** Extracted data follows **

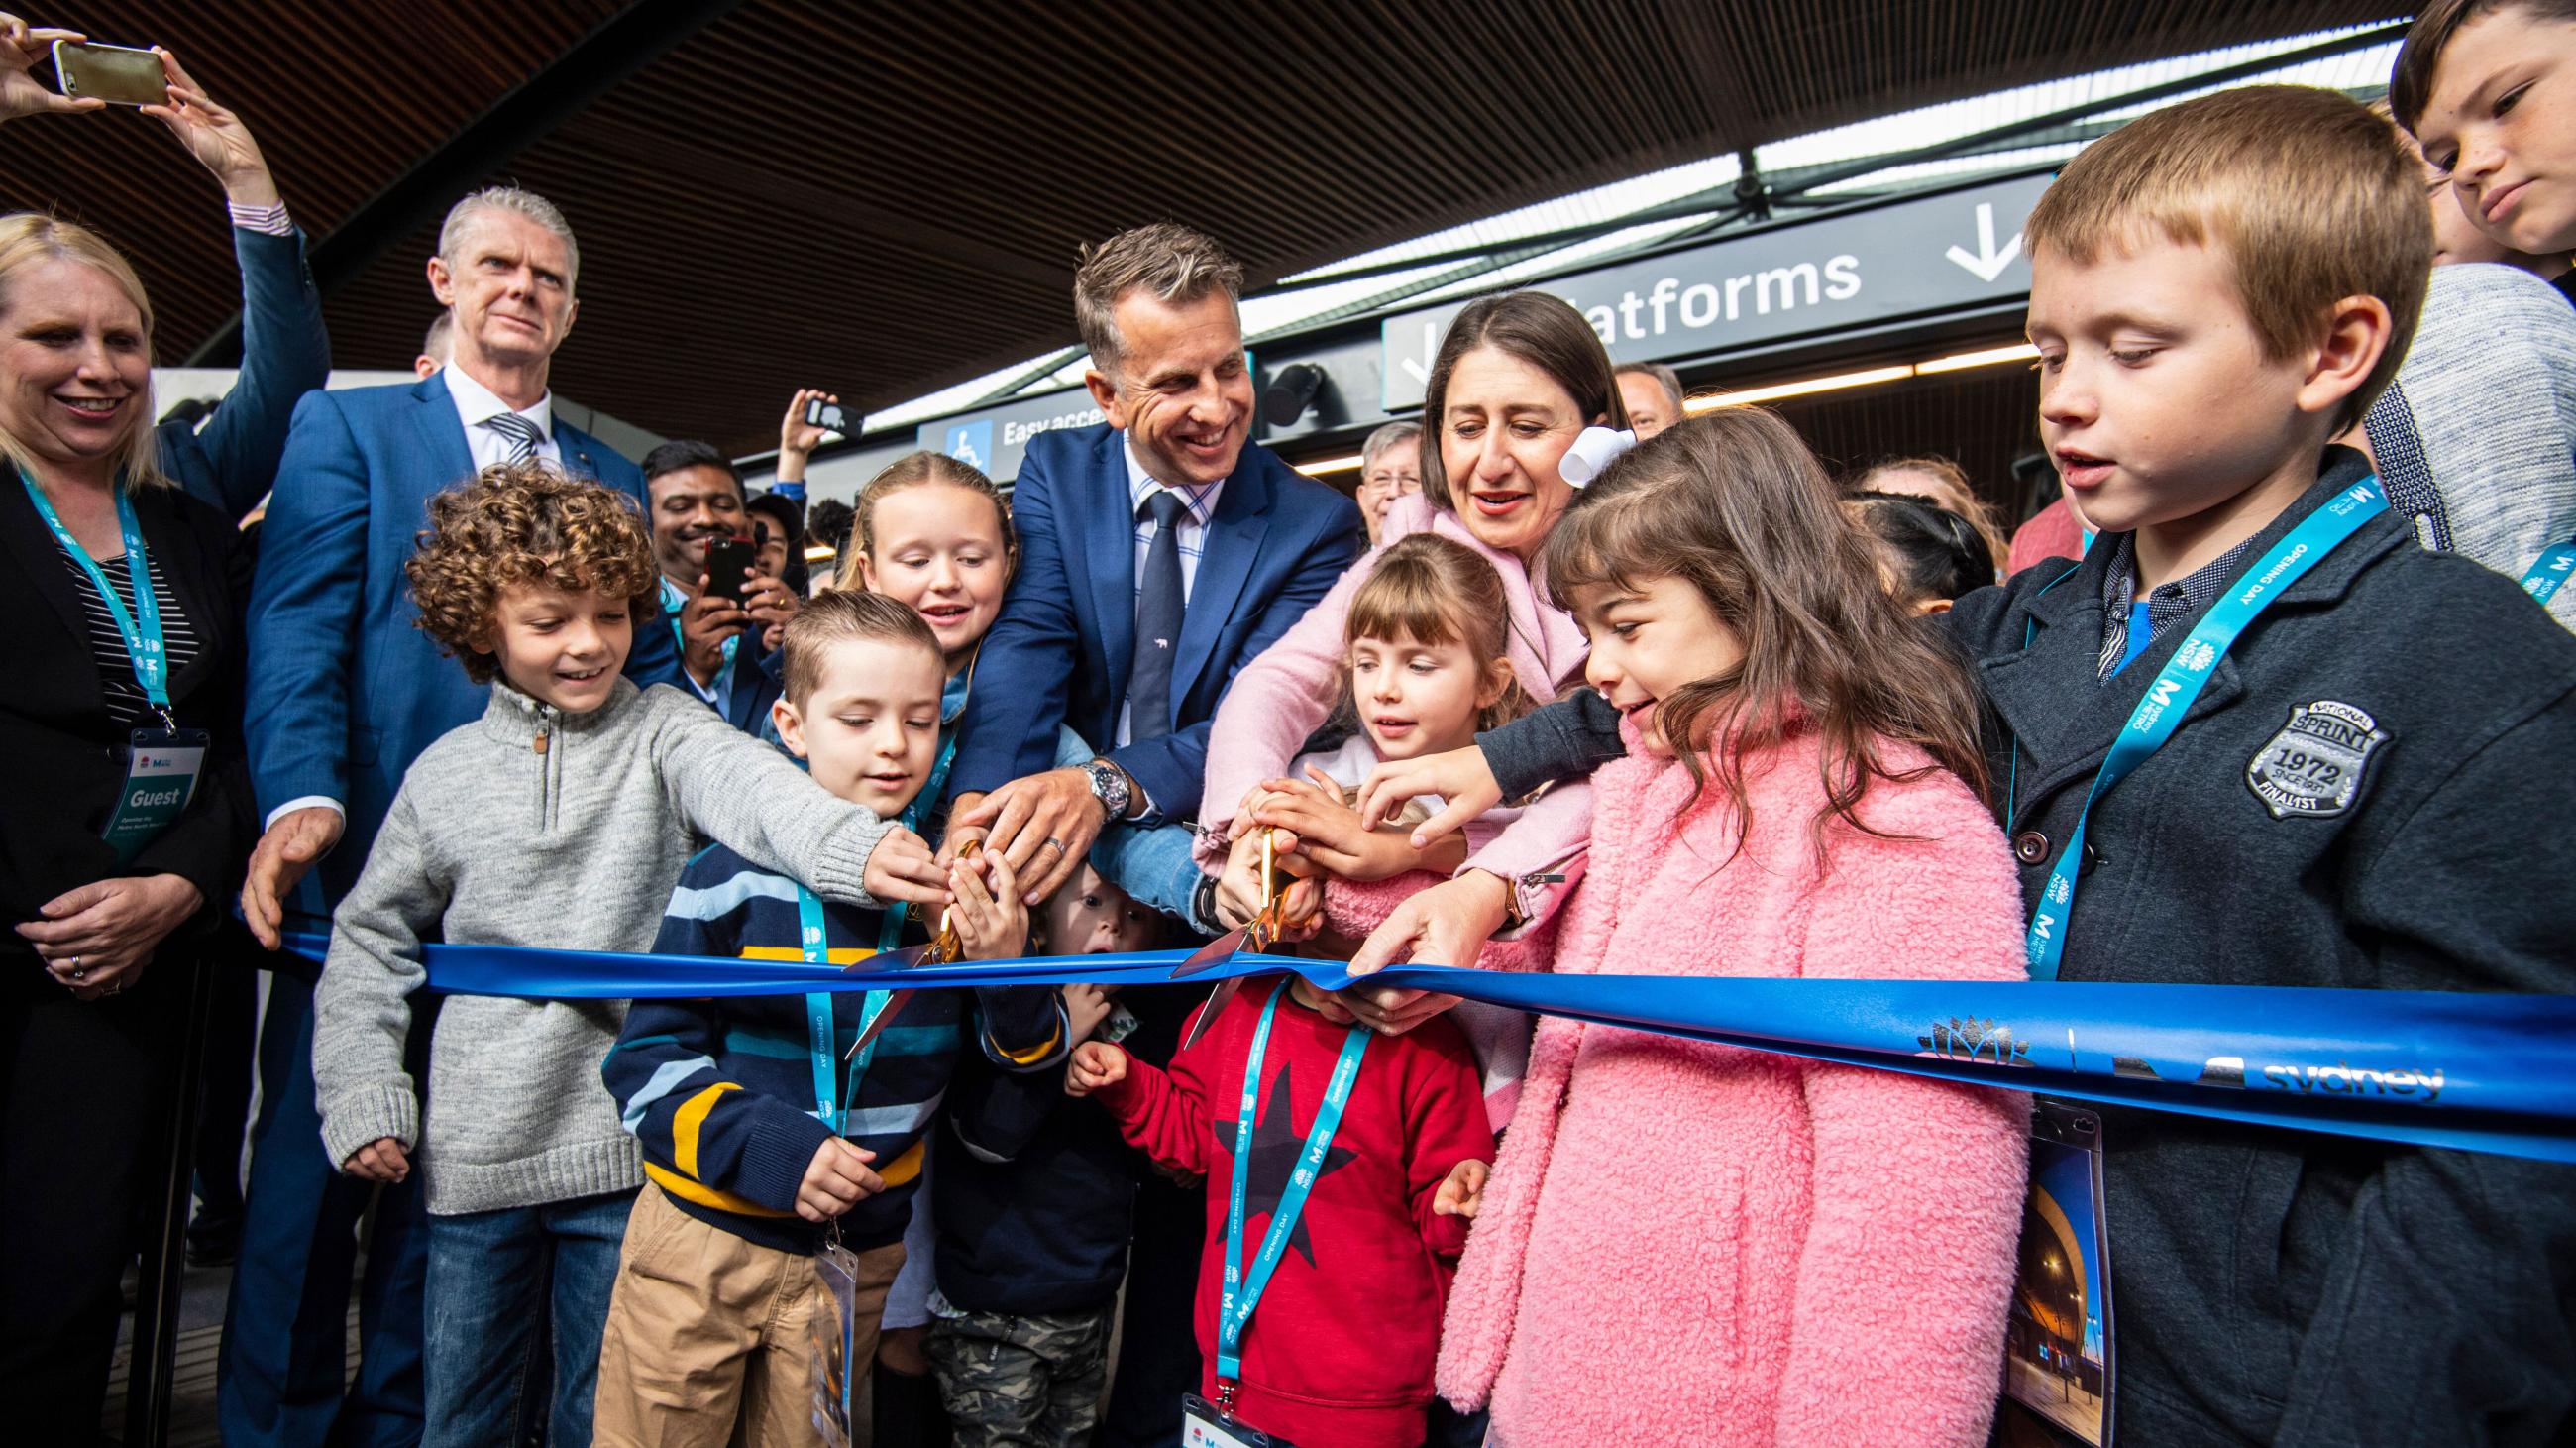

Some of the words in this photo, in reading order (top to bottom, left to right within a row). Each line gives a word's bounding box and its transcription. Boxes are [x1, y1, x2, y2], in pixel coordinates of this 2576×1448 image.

[1569, 254, 1862, 344] atforms
[2348, 486, 2376, 503] M
[2259, 543, 2308, 585] OPENING
[2549, 556, 2575, 571] M
[2240, 584, 2265, 606] DAY
[2536, 579, 2557, 597] NSW
[146, 658, 158, 671] M
[2175, 637, 2201, 668] NSW
[2149, 678, 2182, 707] M
[2132, 701, 2156, 730] METRO
[2139, 705, 2164, 734] sydney
[2313, 703, 2372, 727] NATIONAL
[2293, 715, 2375, 750] SPRINT
[2271, 768, 2305, 786] SINCE
[2273, 748, 2341, 787] 1972
[130, 788, 180, 808] Guest
[2046, 873, 2062, 901] NSW
[2034, 913, 2055, 940] M
[816, 1015, 826, 1052] OPENING
[1332, 1069, 1349, 1103] OPENING
[1343, 1055, 1354, 1071] DAY
[2263, 1059, 2445, 1102] sydney
[1238, 1120, 1248, 1135] M
[1309, 1146, 1323, 1164] M
[1302, 1171, 1314, 1189] NSW
[1264, 1228, 1283, 1262] OPENING
[1279, 1212, 1290, 1229] DAY
[1223, 1292, 1234, 1309] M
[1237, 1302, 1249, 1320] M
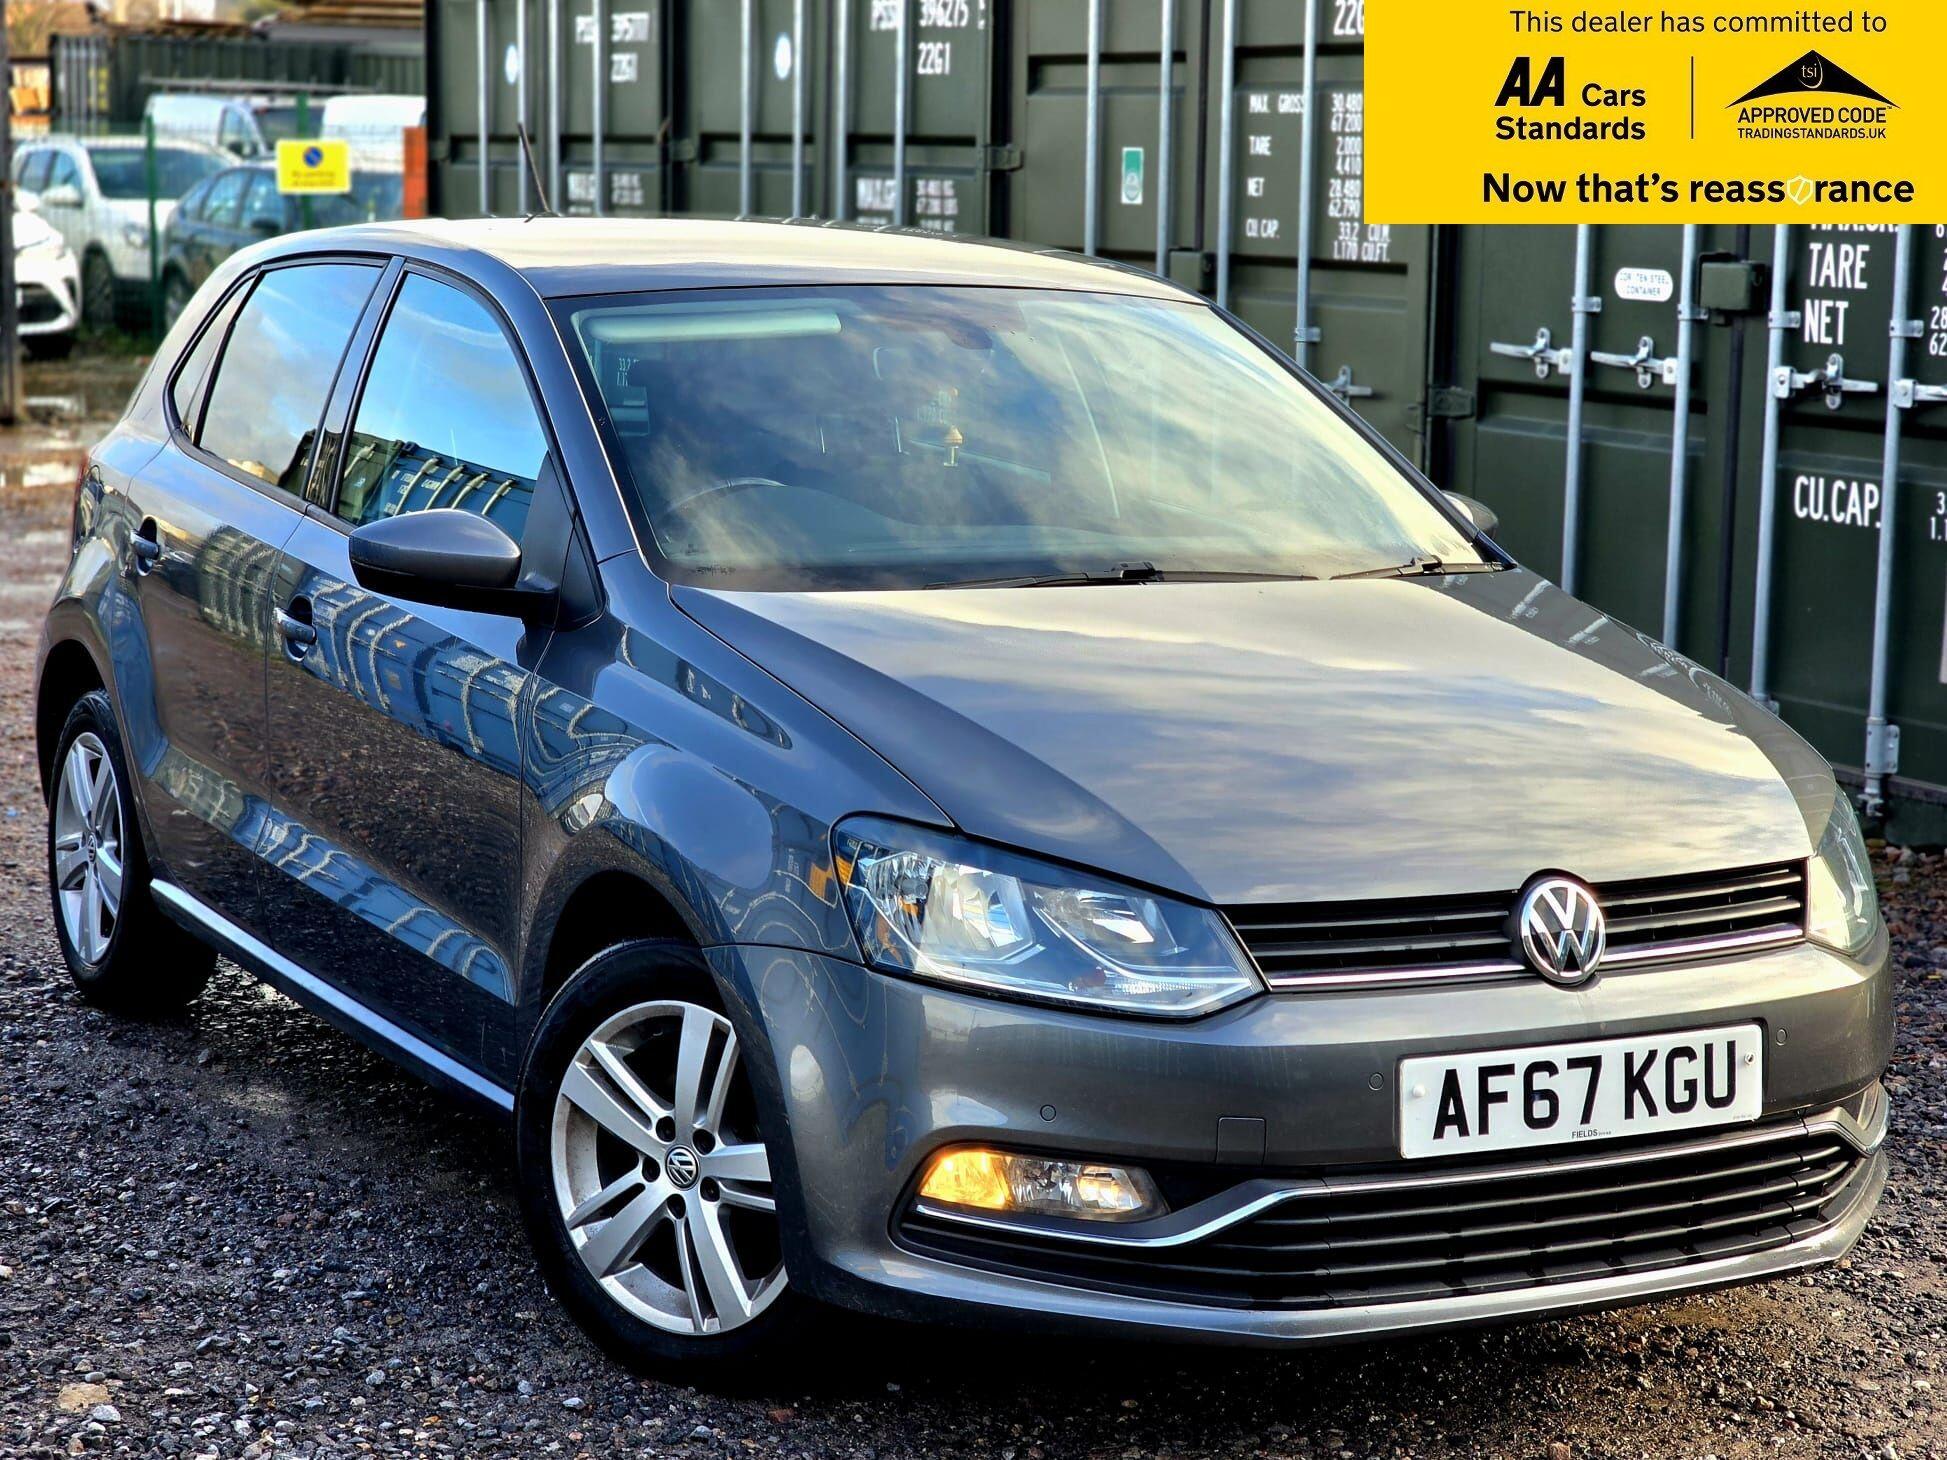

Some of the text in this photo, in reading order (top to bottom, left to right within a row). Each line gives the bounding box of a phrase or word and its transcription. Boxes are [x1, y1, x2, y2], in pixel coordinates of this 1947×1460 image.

[917, 41, 951, 75] 22G1
[1249, 136, 1271, 155] TARE
[1247, 177, 1265, 196] NET
[1809, 242, 1870, 289] TARE
[1804, 299, 1849, 345] NET
[1433, 1040, 1736, 1140] AF67 KGU
[1572, 1129, 1598, 1139] FIELDS
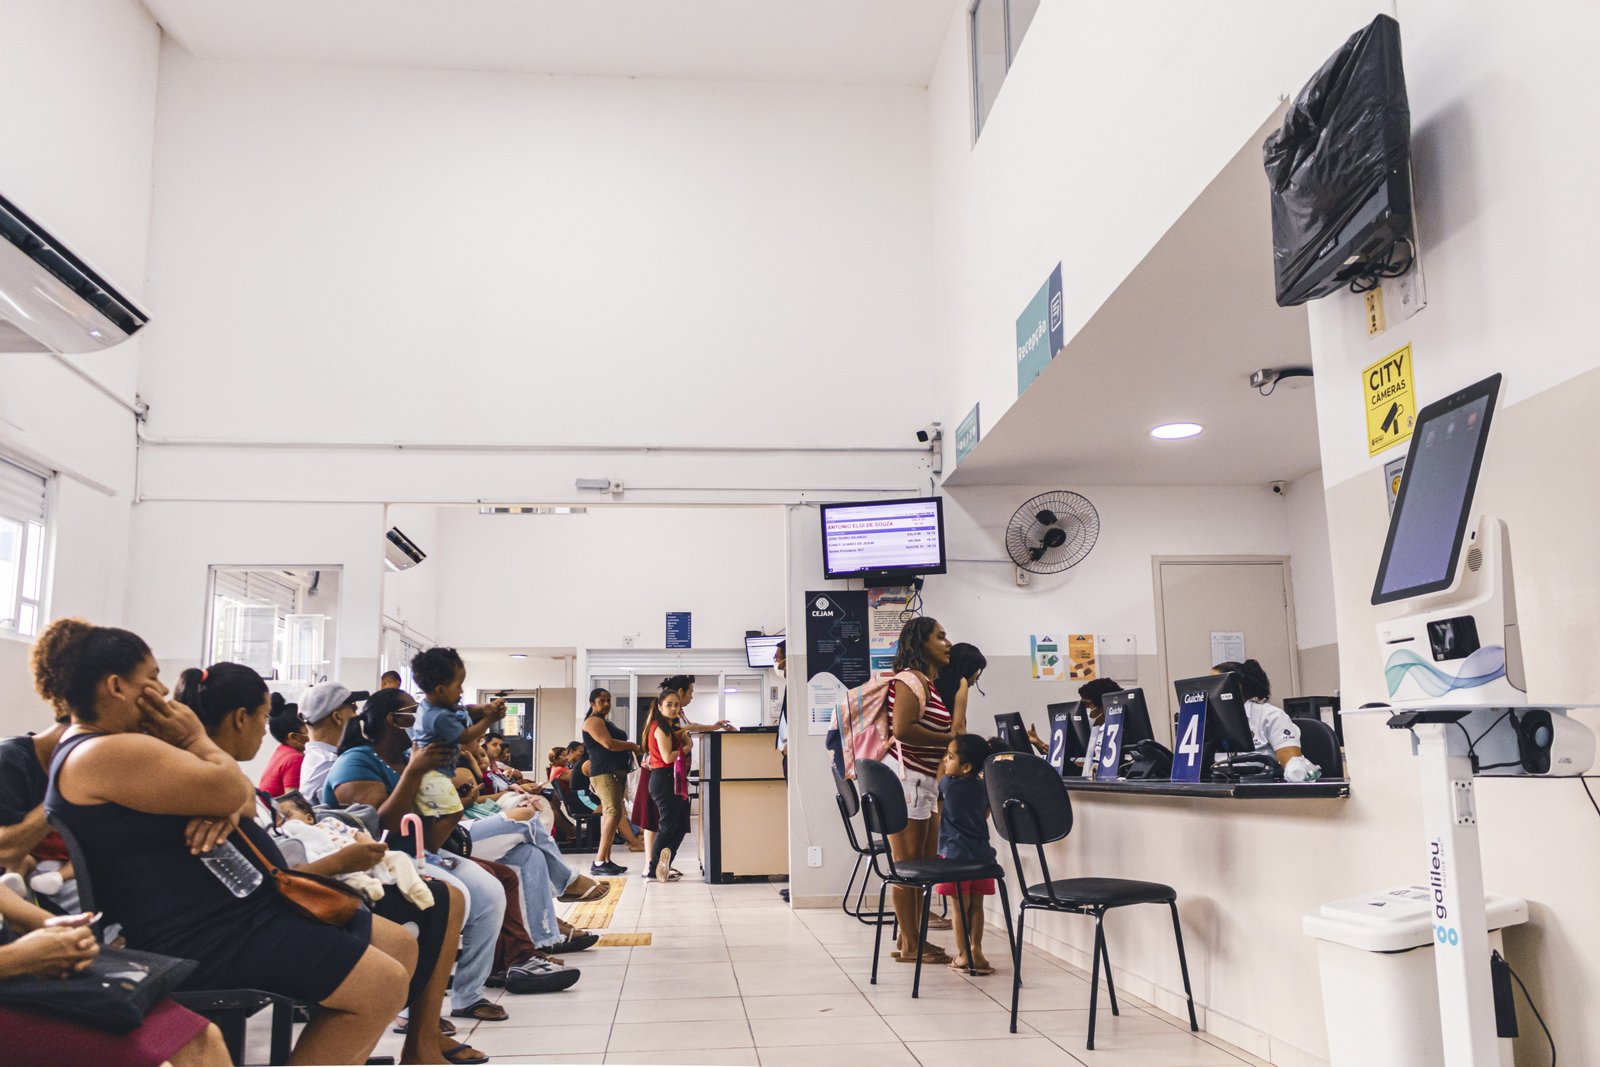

** End of Extracted data **

* What the task requires: Could you output the listing word for word, omitting every picture?

* Reply:
Some of the words in this photo, in reading order (top to bottom, left to right within a row). Each line gives a word's bounding box and its transcription. Boxes are [x1, y1, x2, y2], in pixel coordinates of this 2576×1448 image.

[1569, 254, 1862, 344] atforms
[2348, 486, 2376, 503] M
[2259, 543, 2308, 585] OPENING
[2549, 556, 2575, 571] M
[2240, 584, 2265, 606] DAY
[2536, 579, 2557, 597] NSW
[146, 658, 158, 671] M
[2175, 637, 2201, 668] NSW
[2149, 678, 2182, 707] M
[2132, 701, 2156, 730] METRO
[2139, 705, 2164, 734] sydney
[2313, 703, 2372, 727] NATIONAL
[2293, 715, 2375, 750] SPRINT
[2271, 768, 2305, 786] SINCE
[2273, 748, 2341, 787] 1972
[130, 788, 180, 808] Guest
[2046, 873, 2062, 901] NSW
[2034, 913, 2055, 940] M
[816, 1015, 826, 1052] OPENING
[1332, 1069, 1349, 1103] OPENING
[1343, 1055, 1354, 1071] DAY
[2263, 1059, 2445, 1102] sydney
[1238, 1120, 1248, 1135] M
[1309, 1146, 1323, 1164] M
[1302, 1171, 1314, 1189] NSW
[1264, 1228, 1283, 1262] OPENING
[1279, 1212, 1290, 1229] DAY
[1223, 1292, 1234, 1309] M
[1237, 1302, 1249, 1320] M

Some of the text in this photo, in reading order (top to bottom, left to right within a row). Each line gives the bounding box of a phrase or word and its transcription. Boxes are [x1, y1, x2, y2], in pixel coordinates of this 1947×1460 image.

[917, 41, 951, 75] 22G1
[1249, 136, 1271, 155] TARE
[1247, 177, 1265, 196] NET
[1809, 242, 1870, 289] TARE
[1804, 299, 1849, 345] NET
[1433, 1040, 1736, 1140] AF67 KGU
[1572, 1129, 1598, 1139] FIELDS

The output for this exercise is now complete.